> _What you have to do_:
Here the job is to copy the data exactly and to exclude every image from it.

━━ Records ━━

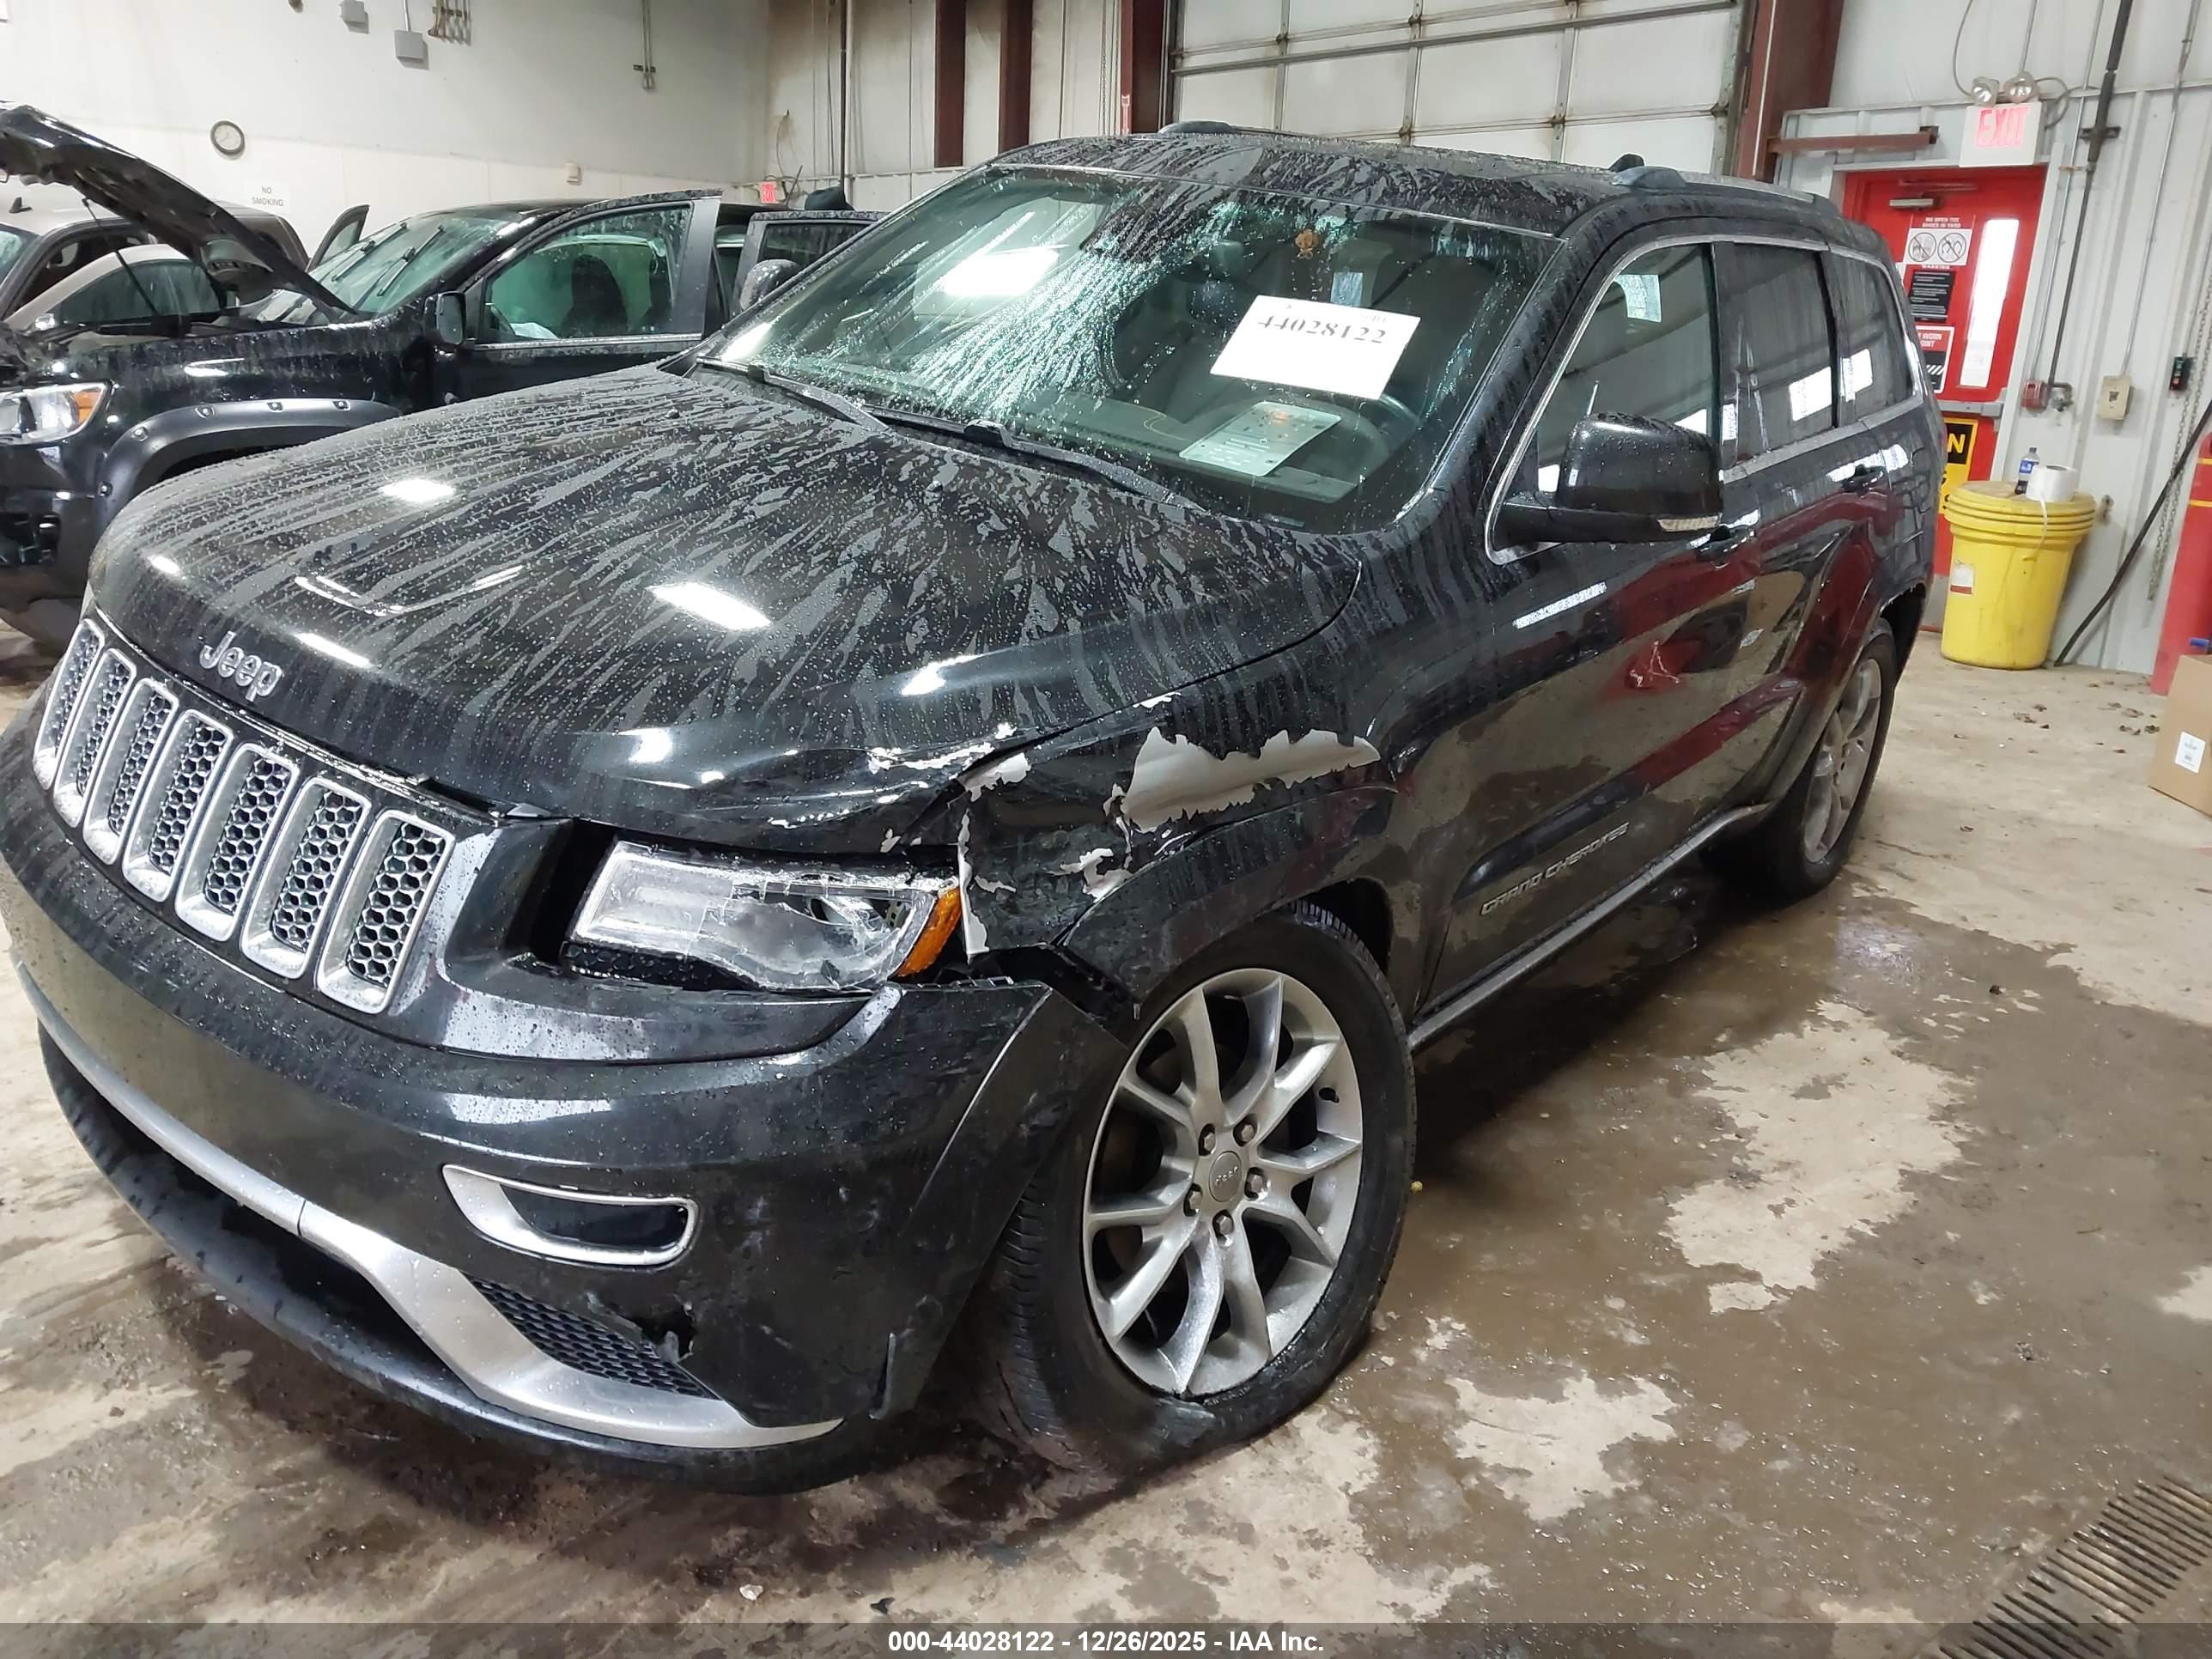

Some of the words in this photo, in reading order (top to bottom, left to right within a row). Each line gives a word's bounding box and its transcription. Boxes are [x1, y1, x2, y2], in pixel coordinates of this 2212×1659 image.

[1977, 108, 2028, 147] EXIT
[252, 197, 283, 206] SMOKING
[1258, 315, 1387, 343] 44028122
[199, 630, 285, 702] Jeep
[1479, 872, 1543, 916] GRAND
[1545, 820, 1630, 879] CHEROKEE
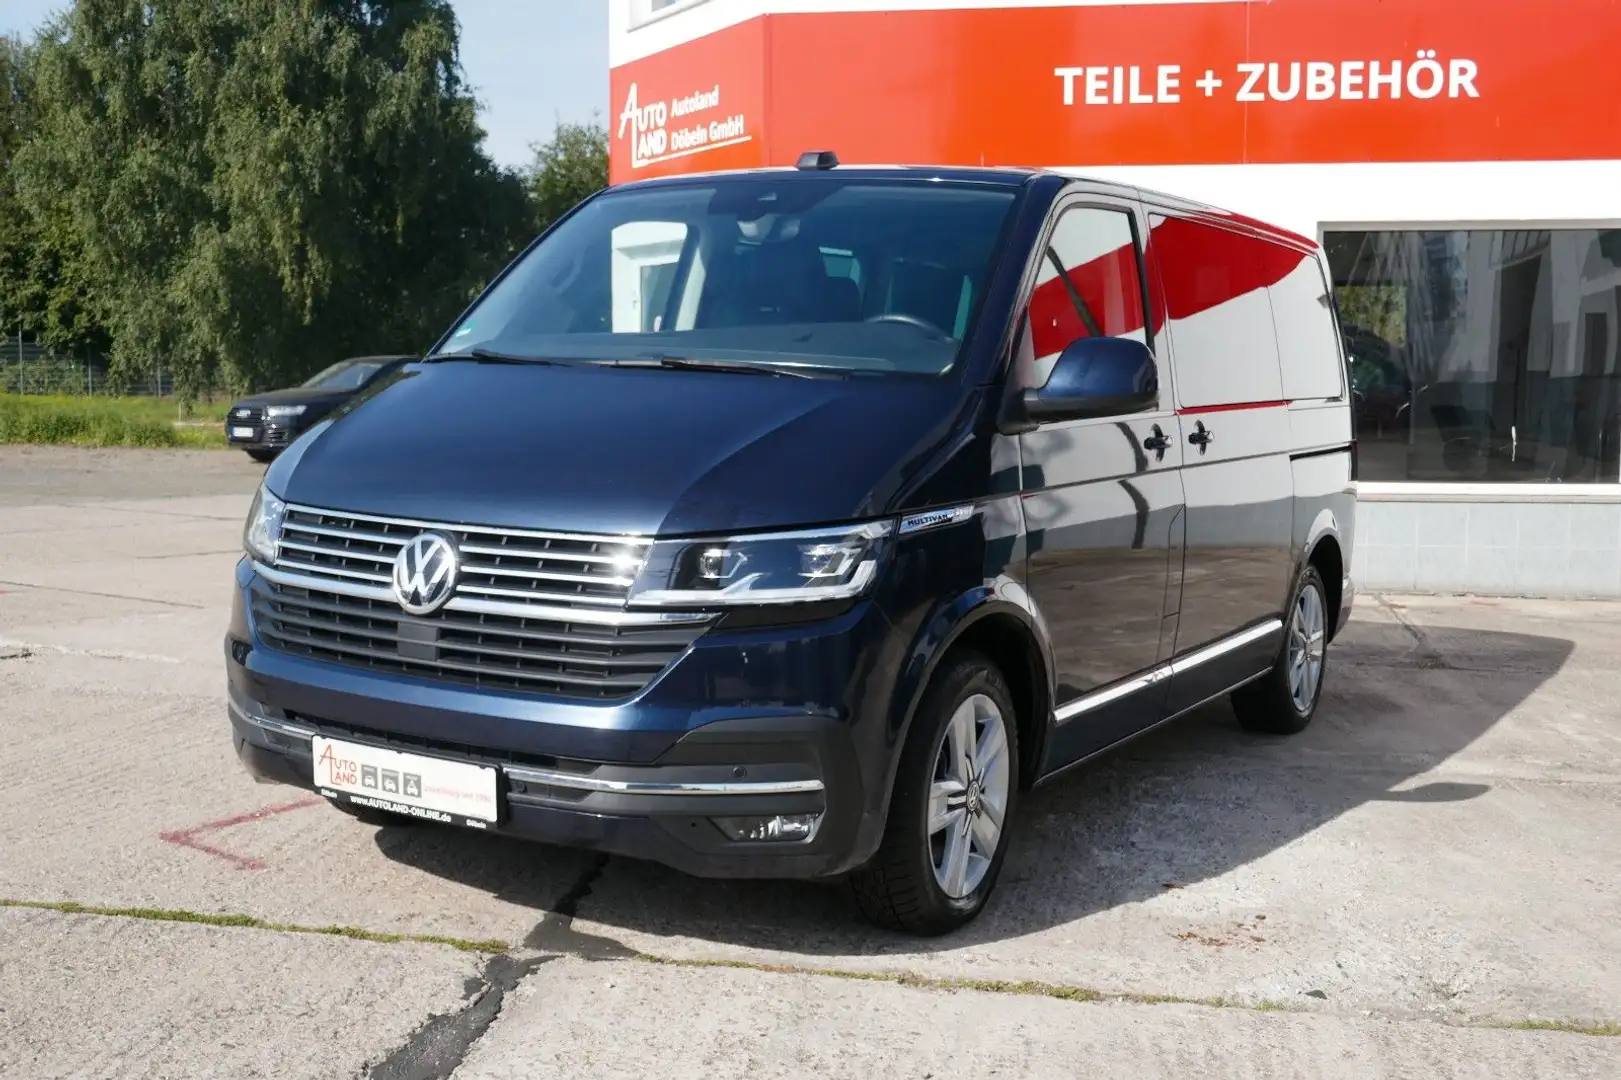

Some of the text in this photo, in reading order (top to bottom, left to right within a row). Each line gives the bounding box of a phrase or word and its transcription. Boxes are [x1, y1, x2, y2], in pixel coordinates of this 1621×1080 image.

━━━

> _Result of this exercise_:
Some of the words in this photo, in reading order (top to bottom, left to right within a row). Each line gives a word's bounding box and its transcription. Boxes are [x1, y1, x2, y2], in pixel coordinates of this 2212×1659 image.

[1977, 108, 2028, 147] EXIT
[252, 197, 283, 206] SMOKING
[1258, 315, 1387, 343] 44028122
[199, 630, 285, 702] Jeep
[1479, 872, 1543, 916] GRAND
[1545, 820, 1630, 879] CHEROKEE

Some of the text in this photo, in reading order (top to bottom, left to right within a row). Each line gives the bounding box of a phrase or word and its transcription. Boxes are [x1, y1, x2, y2], in pixel coordinates of this 1621×1080 image.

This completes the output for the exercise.